Monday morning I was on the Metro on my way to work, when a woman in a motorized wheelchair entered the train. Her bag on the back of the chair got caught and another gentleman and myself pulled it loose as the annoying voice of Metro screamed "DOORS CLOSING!" The woman continued to block the entrance of the busy train and as I went to get off, she decided to get out of the way too, wheeling herself right over my left flip-flop clad foot. My toes screamed and I couldn't help but give her the nastiest look I could muster, in between my tears. The throbbing continued for the morning and my toes are a slight green, but nothing broke and it seemed like one of those good Samaritan stories gone terribly wrong. You help someone, they run over your foot.

And then yesterday I spent 2 hours on the Metro going 2 stops. Yes, my train was behind a disabled one and I spent 40 minutes underneath the Potomac River only to be deboarded at the next station. At that point, roughly an hour an a half into my trip, Fiance was called and dinner was had in Arlington. Sometimes, DC just sucks.

Yesterday also led me on the pursuit to get an initial appointment with my PCP at my brand new HMO. I tried to schedule online and they told me I was shit out of luck. Beads of sweat on my brow, I'm surveying test strips and insulin like I'm about to head to a bomb shelter for a year. I think I can maybe make it until September? Today, I called for good measure and my PCP has TONS of openings.
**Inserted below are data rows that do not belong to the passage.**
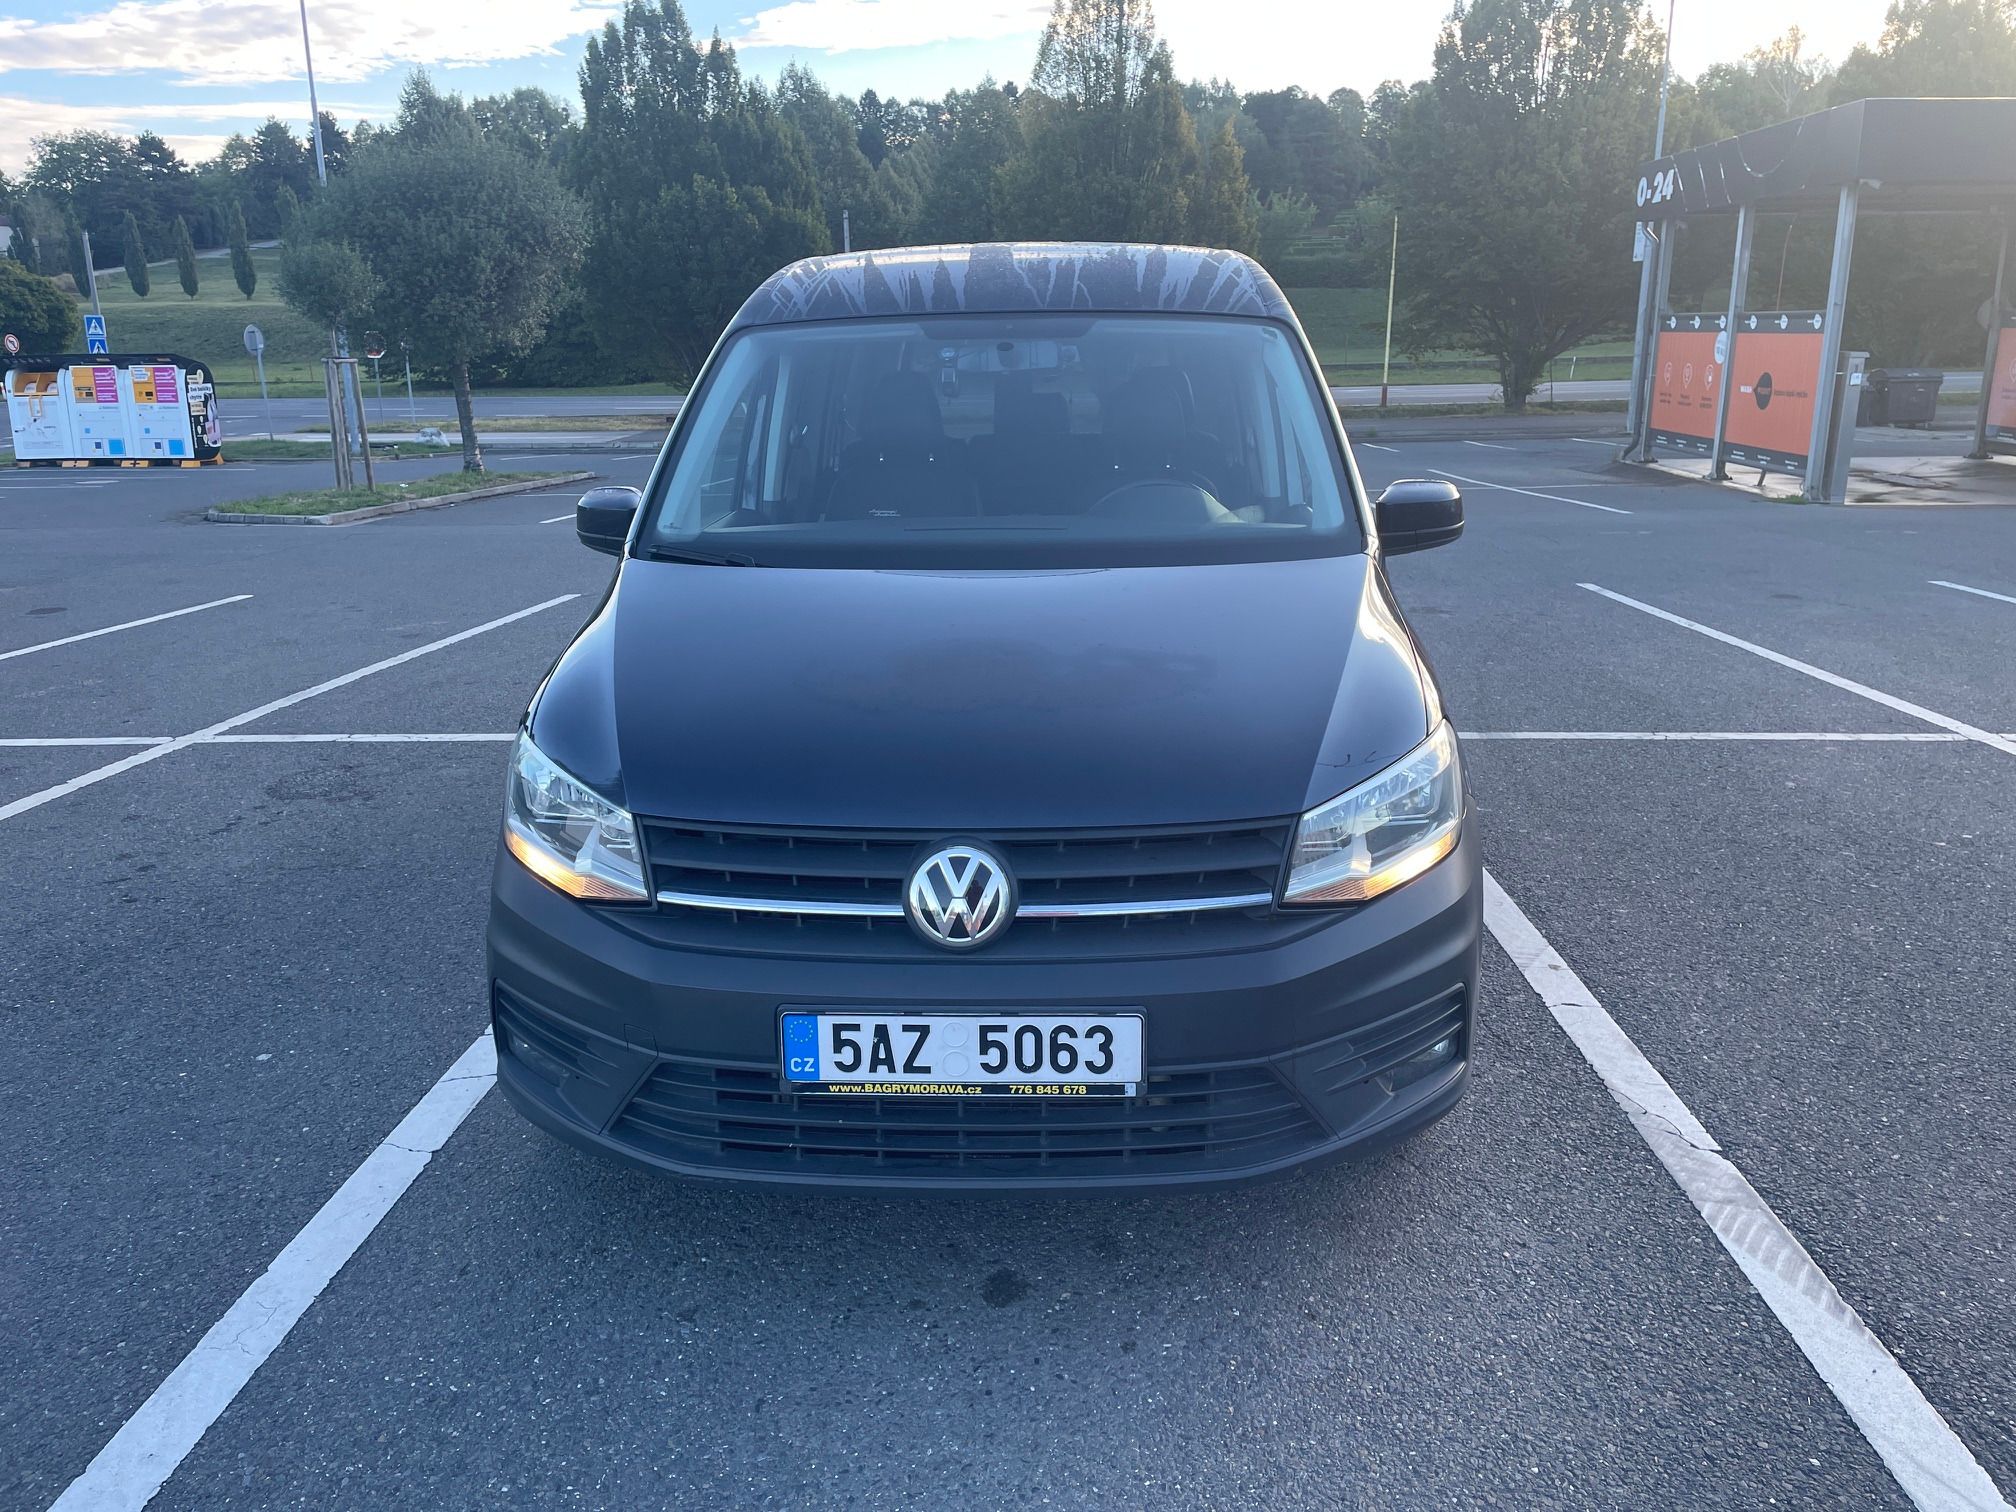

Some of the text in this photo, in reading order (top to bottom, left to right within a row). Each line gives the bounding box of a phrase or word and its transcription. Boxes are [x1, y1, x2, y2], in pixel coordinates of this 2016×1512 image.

[1636, 168, 1675, 208] 0-24
[912, 848, 1008, 945] VW
[789, 1057, 816, 1073] CZ
[831, 1023, 1115, 1075] 5AZ 5063
[828, 1083, 1087, 1096] www.BAGRYMORAVA.cz 776 845 678
I got to pick a time on Friday. I can tell already that this is going to be an adventure. Also, since I'm new to paying for diabetes stuff, can anyone give me a rough estimate of out of pocket expenses for a month? I had military insurance before and well, I was spoiled rotten. A ballpark would be great so I don't keel over and force Fiance to sell his organs for supplies.
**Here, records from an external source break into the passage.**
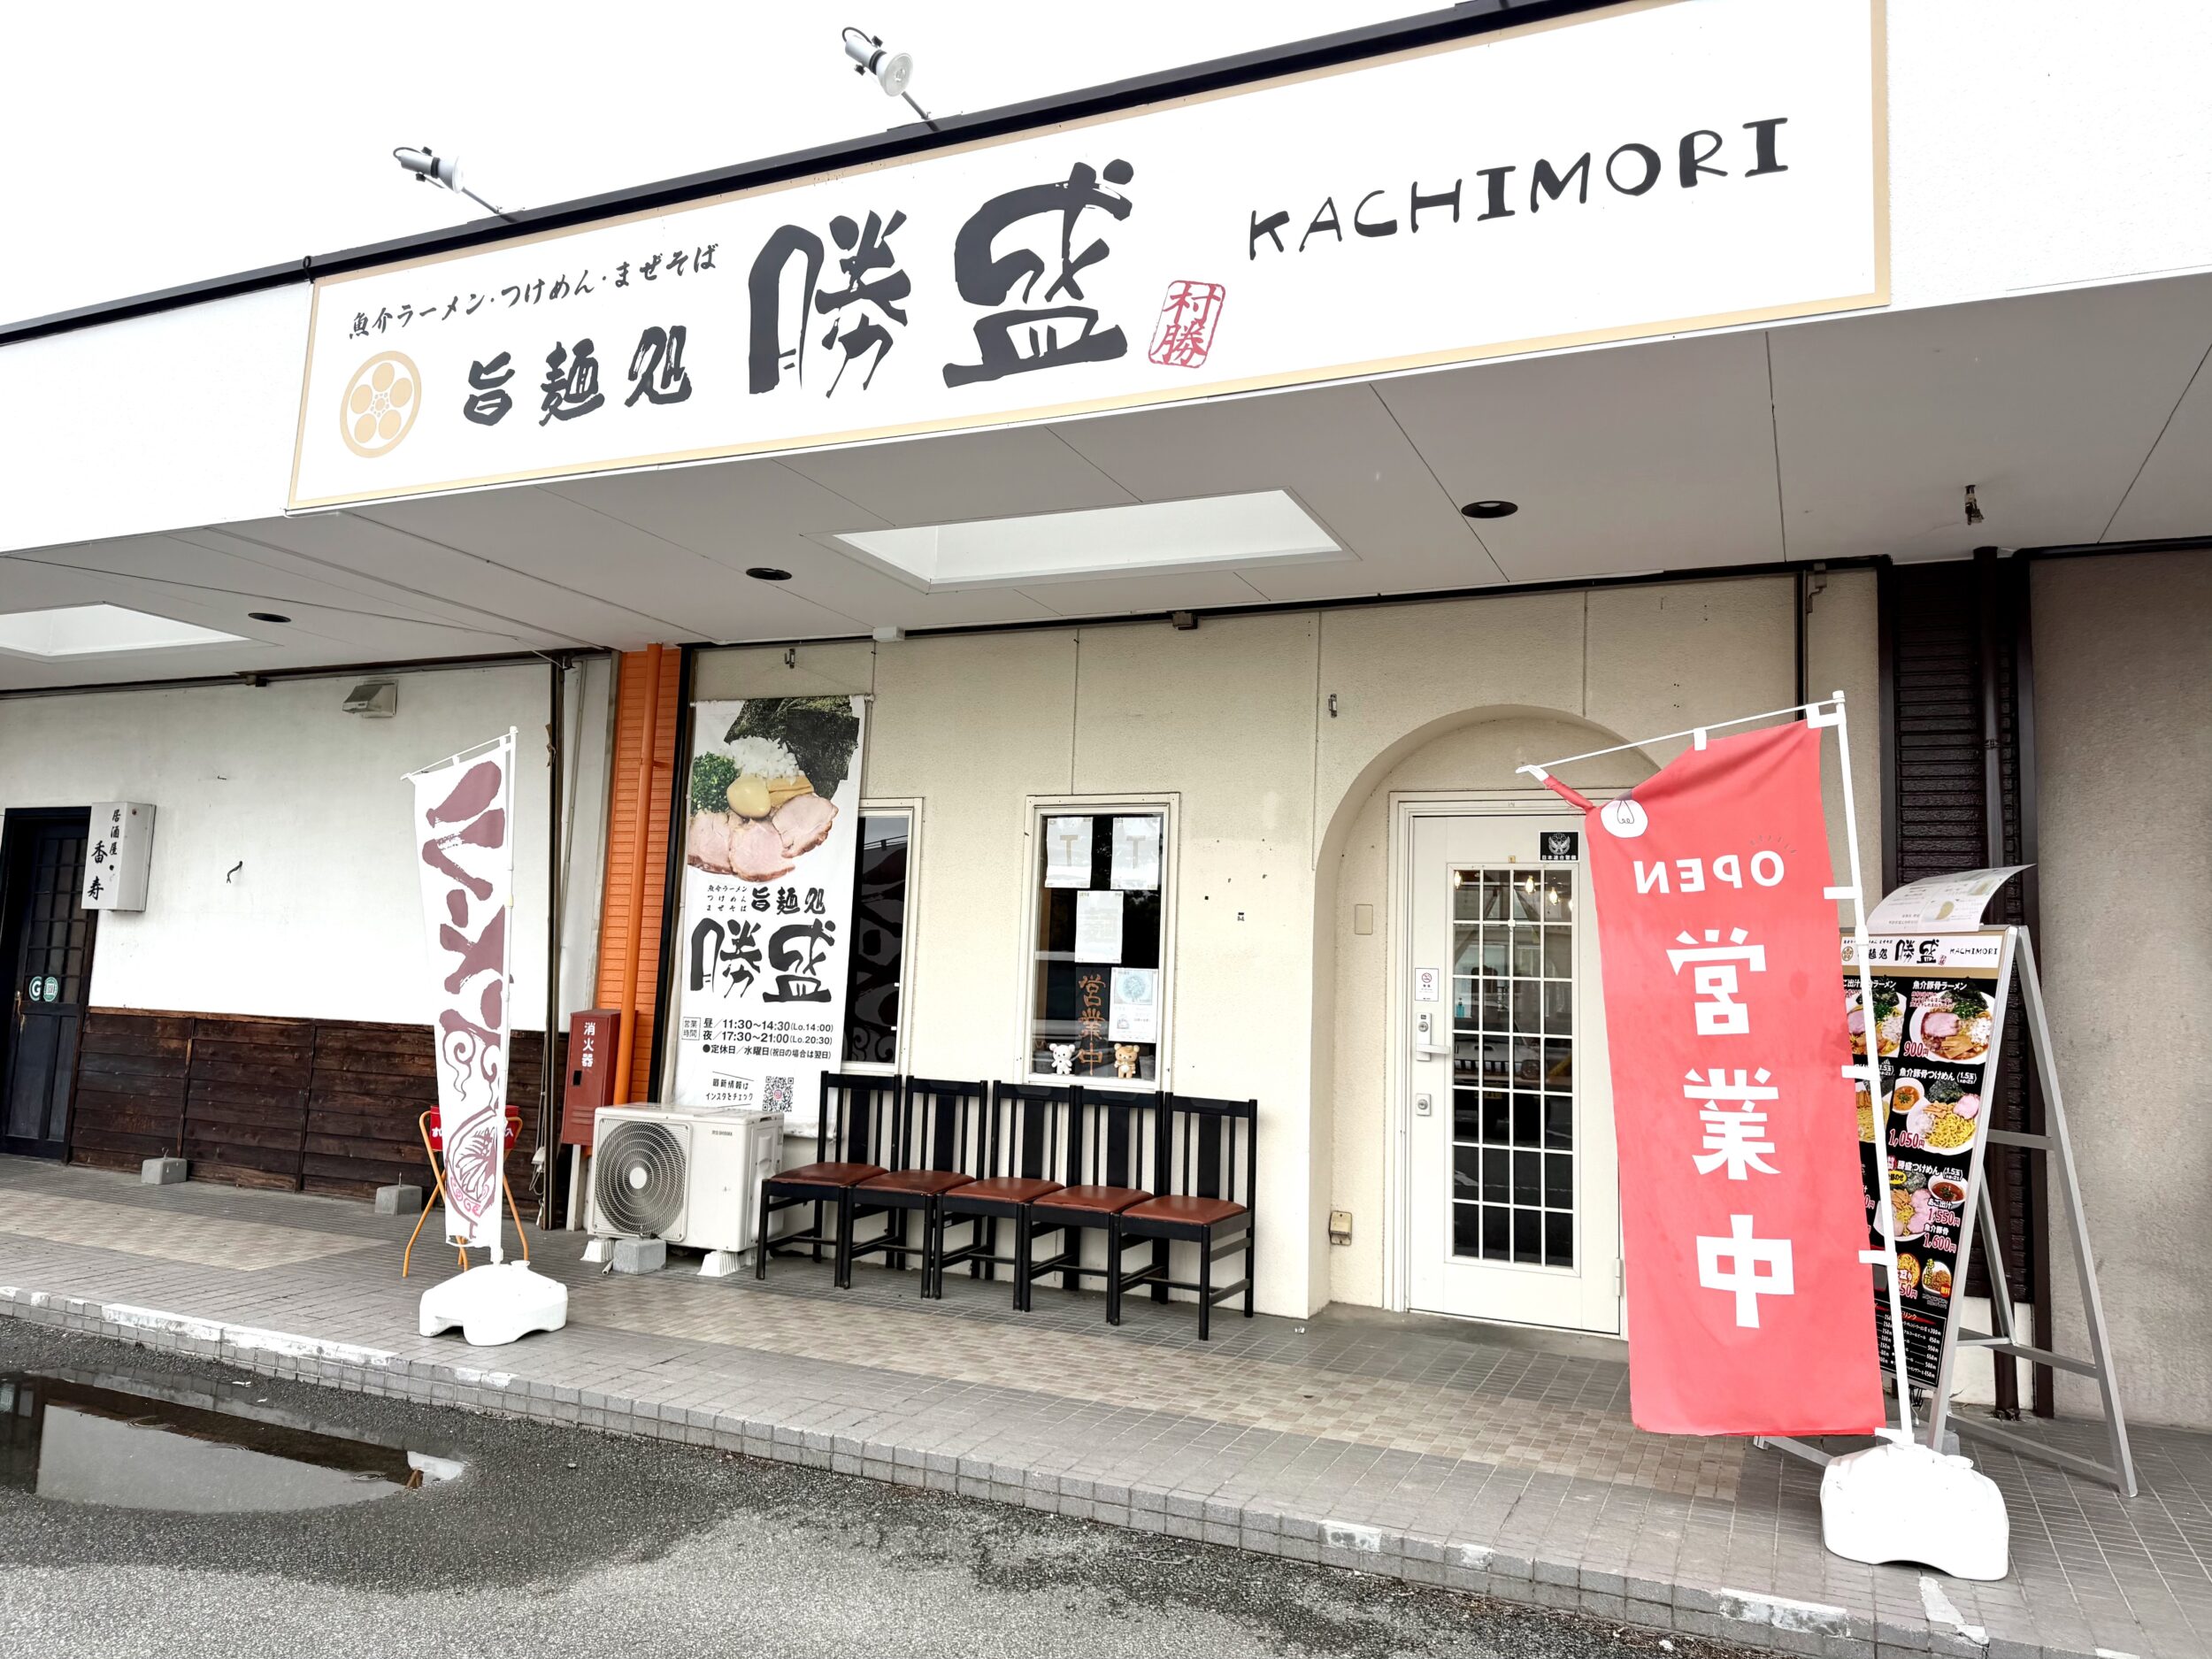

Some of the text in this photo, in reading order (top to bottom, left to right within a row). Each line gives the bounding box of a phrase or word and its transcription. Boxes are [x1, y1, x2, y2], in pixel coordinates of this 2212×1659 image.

[1248, 116, 1789, 260] KACHIMORI
[749, 158, 1134, 398] 勝盛
[1150, 281, 1223, 365] 村勝
[464, 325, 692, 426] 旨麺処
[109, 809, 121, 856] 居酒屋
[707, 895, 747, 903] つけめん
[751, 886, 826, 915] 旨麺処
[690, 918, 836, 1002] 勝盛
[1894, 939, 1939, 964] 勝盛
[1912, 980, 1968, 991] 魚介豚骨ラーメン
[683, 1029, 697, 1038] 時間
[684, 1019, 698, 1028] 営業
[1077, 973, 1106, 1077] 営業中
[581, 1022, 596, 1068] 消火器
[1903, 1041, 1929, 1057] 900円
[712, 1078, 749, 1090] 最新情報は
[1899, 1067, 1955, 1081] 魚介豚骨つけめん
[705, 1092, 753, 1101] インスタをチェック
[1888, 1128, 1924, 1149] 1,050円
[1928, 1208, 1961, 1228] 1,550円
[1924, 1223, 1949, 1236] 魚介豚骨
[1923, 1233, 1956, 1254] 1,600円
Alas, I make it to Friday and a hot one at that, and go to Happy Hour with my coworkers since this week, well, sucked. No beers or anything but a Diet Coke and good conversation and then BAM- pump decides to DIE! On my walk to Georgetown to meet Fiance and friends, I get error messages, key stuck messages, and overall bad times. I get the pump running enough to test, but of course, not to bolus as I dig into my potato skins and other delicious bar food. 30 more minutes of pump being a pain in the ass and I'm on the phone with Deltec asking "What the heck is going on?" At this point, buttons aren't working and I'm pissed off. They tell me they're sending a new pump, but not until Monday and I'm scrambling to figure what I'm going to do about shots since I'm endo-less and can't seem to remember what types of insulin I have at home in the fridge. Then, by the grace of God, and maybe Computer Hacker Savvy Fiance, the pump is magically working, but not until we're safely on our way back to our apartment in the burbs away from the fun-ness that is Georgetown on Friday night.

I'm home now and the pump is...pumping. I had the "you don't understand what it's like" discussion again with Tipsy Fiance which ended with both of us in bad moods and him in bed and me running things over in my head like "what if I didn't have diabetes?" or "why does this frustrate me and why do I let it since I know this is my life?"

This has been one for the record books, ladies and gents.